According to the setting of the adaptive update rate of the unknown parameters of the system and the estimation setting of the virtual controller through the first-order synovial differentiator, the derivative of the Lyapunov preparatory function can be obtained to satisfy:

Among them: k and Δ are the substitute symbols of relevant parameters.

The invention discloses a design strategy of a manipulator fault-tolerant controller based on a backstepping strategy and a synovial strategy.

One or more of the above technical solutions have the following beneficial effects:

(1) The present disclosure reduces the requirement for the tracking target of the rotation angle of the manipulator, only the first derivative of the tracking target function needs to exist and is bounded, and it is not necessary to obtain its display form.

(2) The Λ matrix in the design of the present disclosure replaces the parameters in the traditional scheme, so that the adaptive effect of the unknown parameters is enhanced, and the phenomenon that the previous parameter estimation effect is not good is improved.

(3) The present disclosure applies the first-order synovial differentiator to the backstepping design, which effectively avoids the "explosive complexity" problem of virtual controller derivation.

(4) This disclosure applies the method of combining the first-order synovial differentiator and the backstepping design to the fault-tolerant control of the robotic arm system for the first time, effectively compensating for the controller fault, and ensuring the accuracy of the rotation angle control in the robotic arm system. The stability improves the safety of the robotic arm system control.

(5) The present disclosure applies the hyperbolic function tanh(x) to the fault-tolerant control of the robotic arm system for the first time, which effectively improves the accuracy of the tracking error.

设为未知的情况，有效的增大了研究对象的广泛性。

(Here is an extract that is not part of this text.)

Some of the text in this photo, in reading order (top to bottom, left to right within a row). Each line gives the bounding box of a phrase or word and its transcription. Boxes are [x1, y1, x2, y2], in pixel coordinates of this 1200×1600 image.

(6) When the present disclosure constructs the model, the system parameters are

Setting it as an unknown situation effectively increases the breadth of the research objects.

Description of drawings

The accompanying drawings forming a part of the present invention are used to provide further understanding of the present invention, and the exemplary embodiments of the present invention and their descriptions are used to explain the present invention, and do not constitute an improper limitation of the present invention.

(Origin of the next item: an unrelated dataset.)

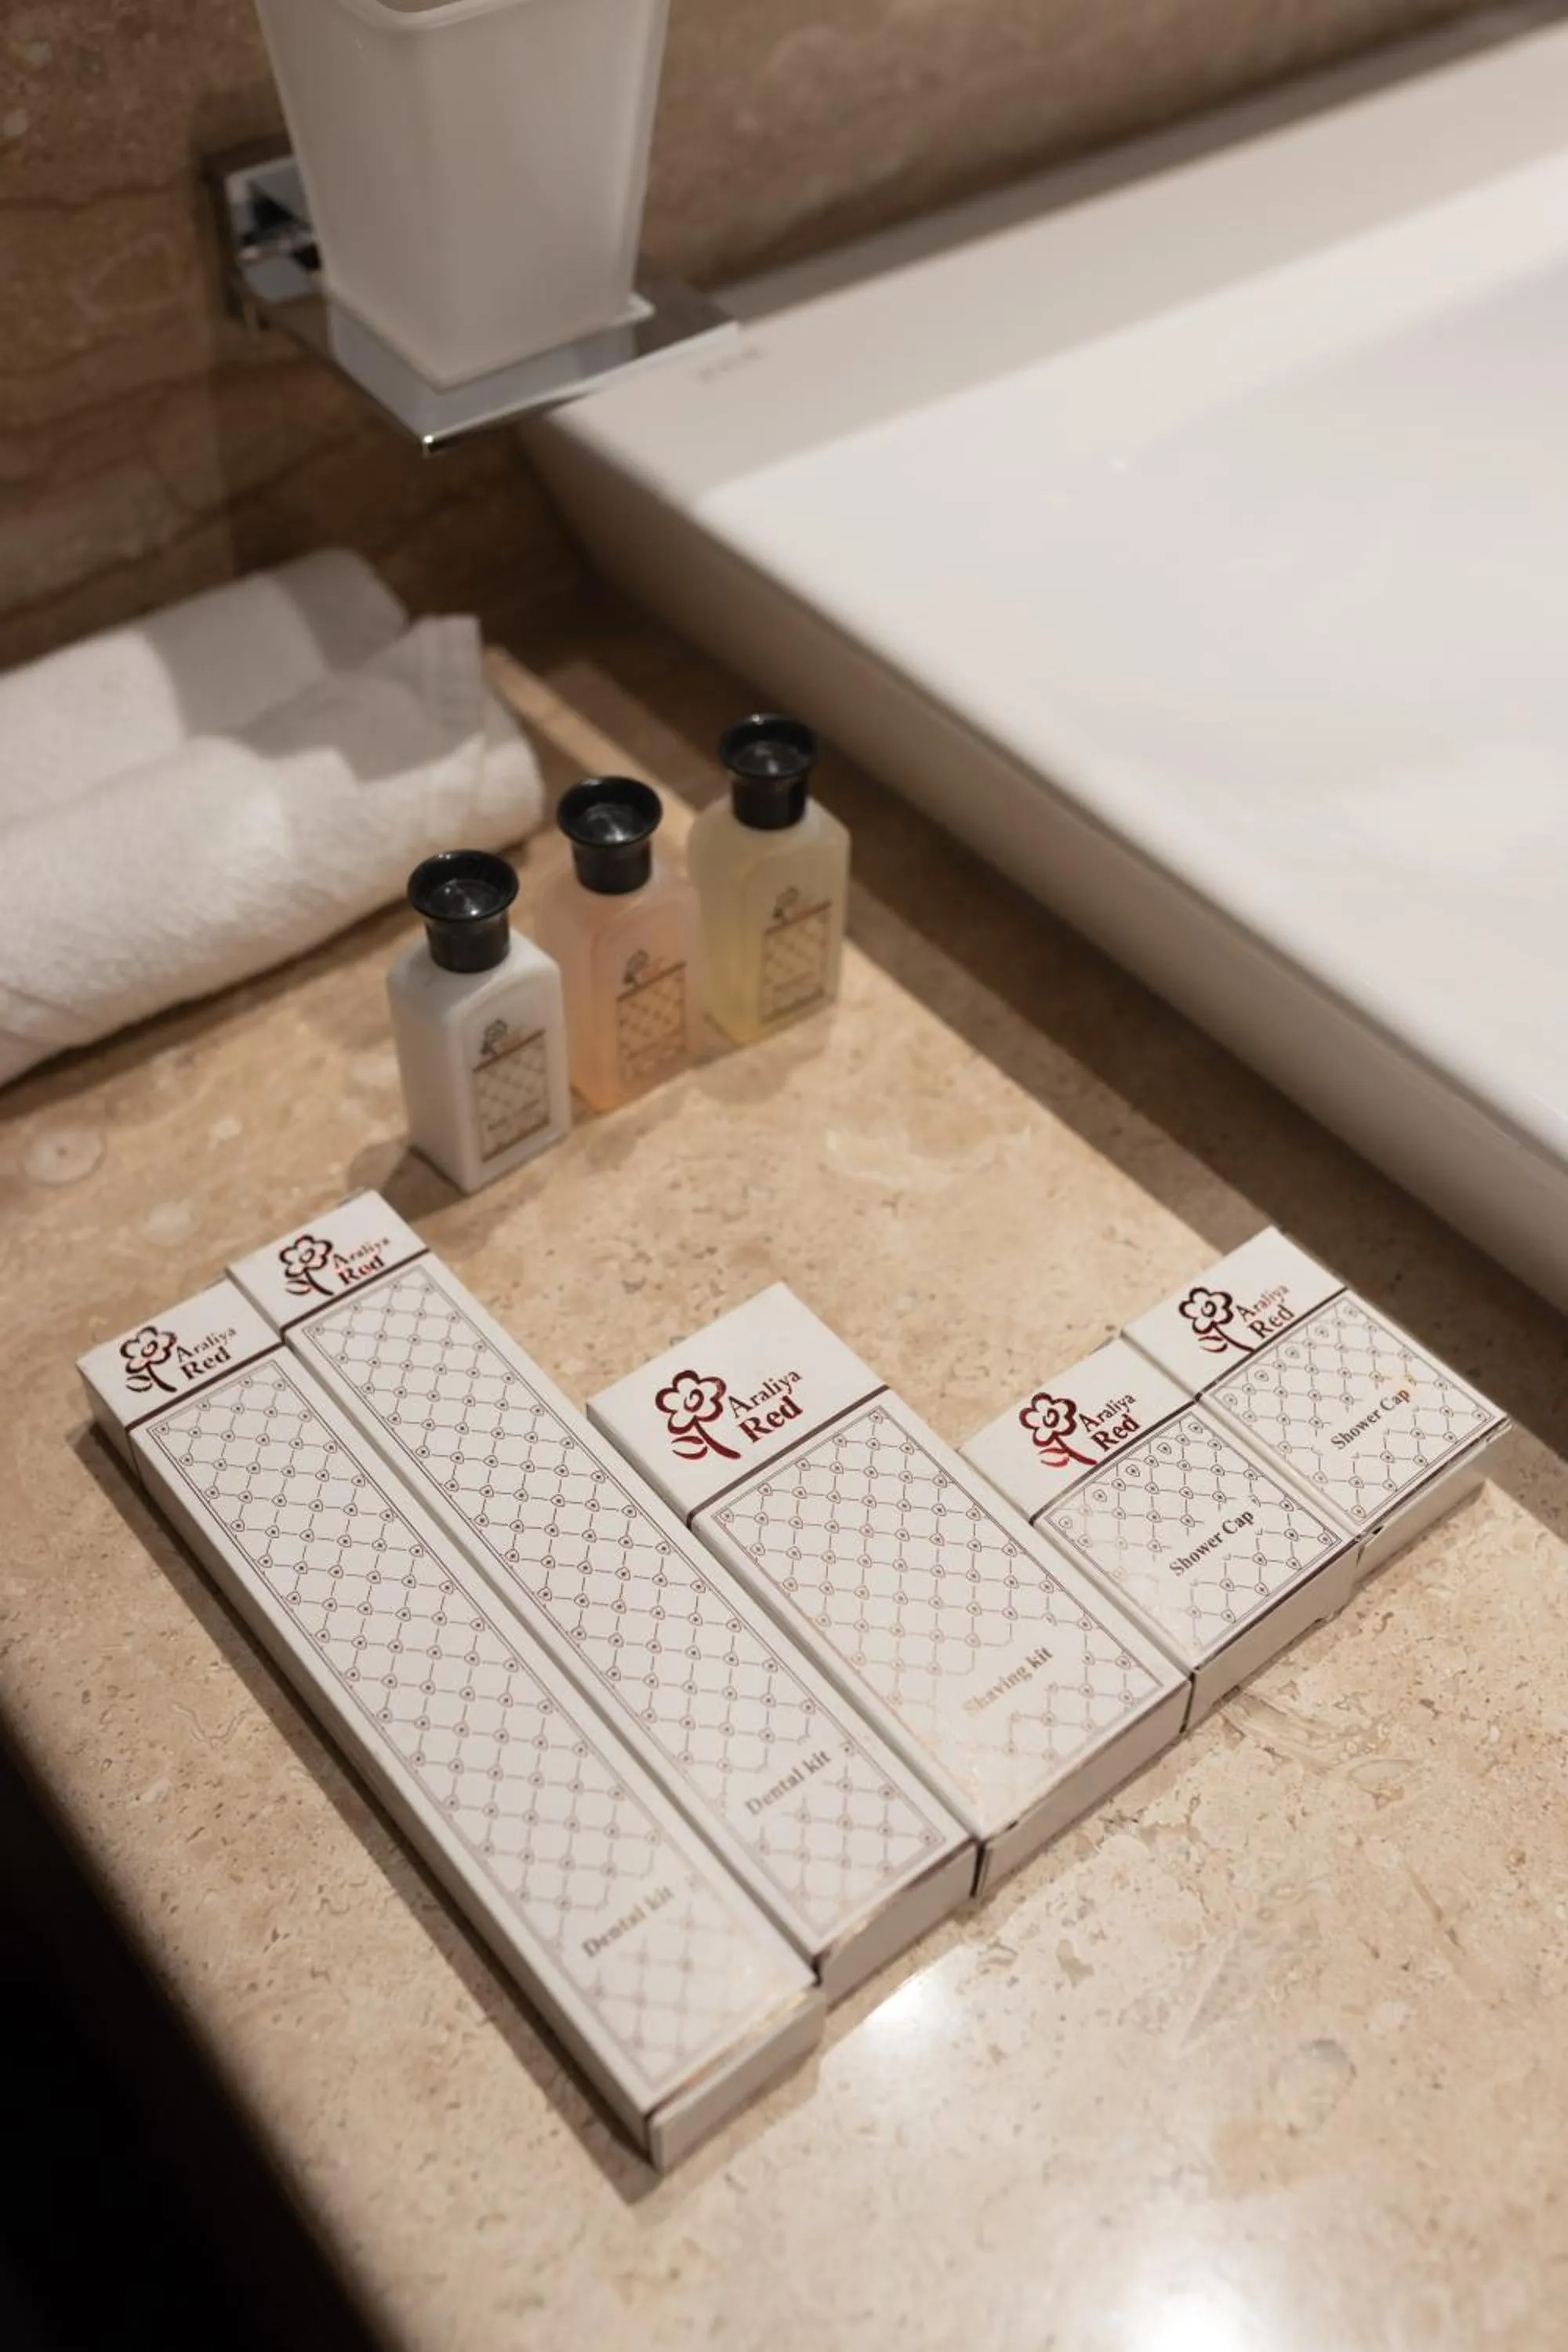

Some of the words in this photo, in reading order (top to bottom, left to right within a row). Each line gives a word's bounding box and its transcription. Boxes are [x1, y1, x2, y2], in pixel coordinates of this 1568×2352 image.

FIG. 1 is a schematic structural diagram of a robotic arm system according to an embodiment of the present disclosure;

2 is an error diagram of a manipulator rotation angle q tracking target signal r according to an embodiment of the disclosure;

3 is an estimation error diagram of a first-order synovial differentiator according to an embodiment of the present disclosure;

FIG. 4(a)-FIG. 4(d) are adaptive estimation diagrams of unknown parameters and related quantities of fault parameters according to an embodiment of the present disclosure;

FIG. 5 is a flowchart of an embodiment of the present disclosure.

Detailed ways

It should be noted that the following detailed description is exemplary and intended to provide further explanation of the invention. Unless otherwise defined, all technical and scientific terms used herein have the same meaning as commonly understood by one of ordinary skill in the art to which this invention belongs.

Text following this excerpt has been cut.